12:48PM: We are currently aware that some customers are experiencing a loss of network connectivity to/from their VPS. We are investigating the issue and will update this post with further information once we know more.
Update 12:52PM: The data centre have just posted a status update advising that network incident has just occurred causing the issue, which they are investigating.
We are able to see that all customer VPS affected are running fine, this is purely an issue with the Data Centre’s network. Once they have restored connectivity traffic to/from your VPS will resume without any need for action from the customer.
Update 12:57PM: We have noticed that network connectivity has now been restored by the Data Centre. We are waiting for an update from them but it looks like the incident may be over now.
Update 1:04PM: Network connectivity was restored by the Data Centre at about 12:56PM and has been fine since then, so we are assuming for now that the incident is over. Our monitoring systems detected that the incident started at about 12:40PM so total time of the outage was about 15 minutes. As soon as we have heard from the Data Centre what the reason for the outage was we will post details here.
Reason for outage
The following day after the above outage, the Data Centre we are located in sent us an explanation of what happened, which we have posted below. The incident affected all of the Data Centre’s customers. Thankfully they dealt with it very swiftly. In the whole time we have been with them this is the only significant incident we have ever experienced, which is a testament to the excellent facility that it is, and the fantastic staff that work there, who we have met on many occasions and have always been highly impressed by. If any of our customers have any questions about this incident, please do not hesitate to contact us.
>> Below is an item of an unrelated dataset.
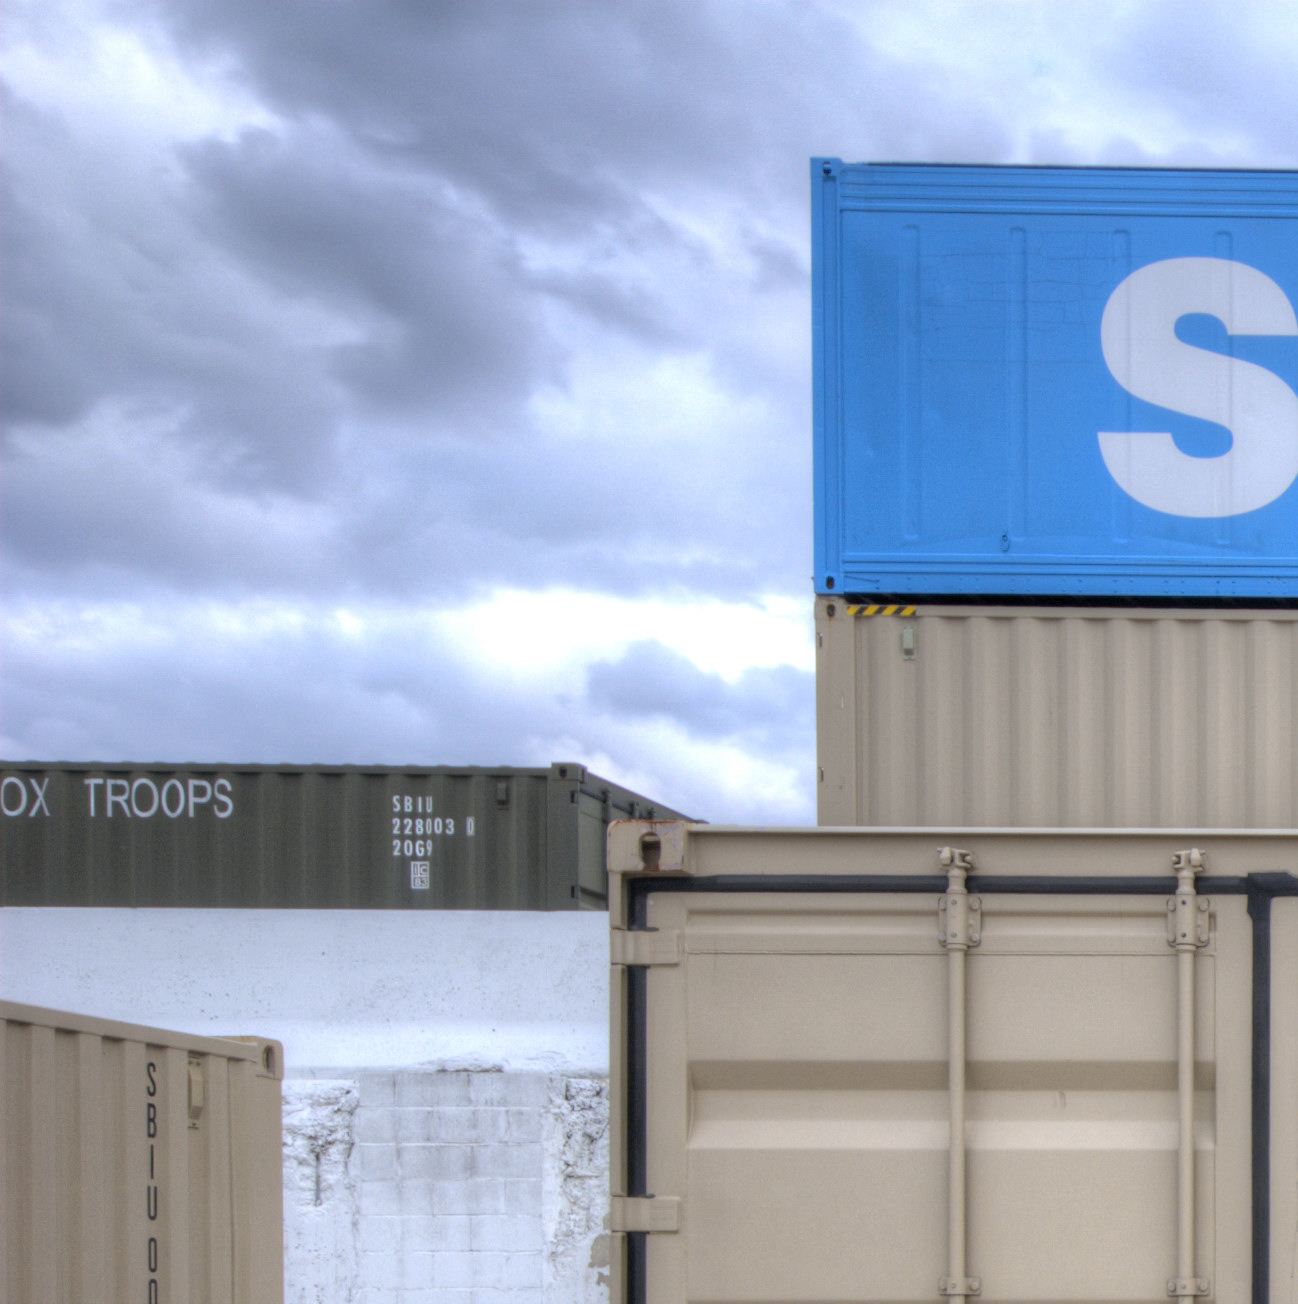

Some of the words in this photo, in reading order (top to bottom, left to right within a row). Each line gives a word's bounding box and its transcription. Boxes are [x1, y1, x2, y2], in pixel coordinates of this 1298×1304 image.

"As part of a routine firewall deployment, some new hardware was connected to our network and BGP sessions were configured on our route reflectors for these new devices.
Unfortunately, when these new sessions connected to our route reflectors, they caused an issue with the software we are using to power them – specifically the length of time taken to process and send the full BGP table to the new devices caused the “hold-timer” to expire on a few of the other sessions. This then resulted in these sessions disconnecting and reconnecting, and doing the same thing as the first sessions, causing further sessions to do the same, ultimately resulting in a loop where by the route reflectors were continuously dealing with sessions disconnecting and reconnecting.
This continued until such time as our Network Engineers identified the issue, and were able to log into the route reflectors and manually restart them to clear all the BGP sessions. The first of which was done at 12:50, the second at 12:58. All BGP sessions were re-established with all routes fully exchanged by 13:00 and traffic once again began to flow normally.
It has become apparent from this incident that we have reached a limit with the current Route Reflector software that we are using, and as such we are now in the process of replacing these with both improved hardware, and alternative software which has better handling of long-running tasks that doesn’t result in cpu-starvation of important tasks such as maintaining hold-timers.
Initially we will run these new route-reflectors alongside the old ones to prove their stability, before ultimately retiring the old devices, a further maintenance window will be scheduled for this which you will be notified about in due course."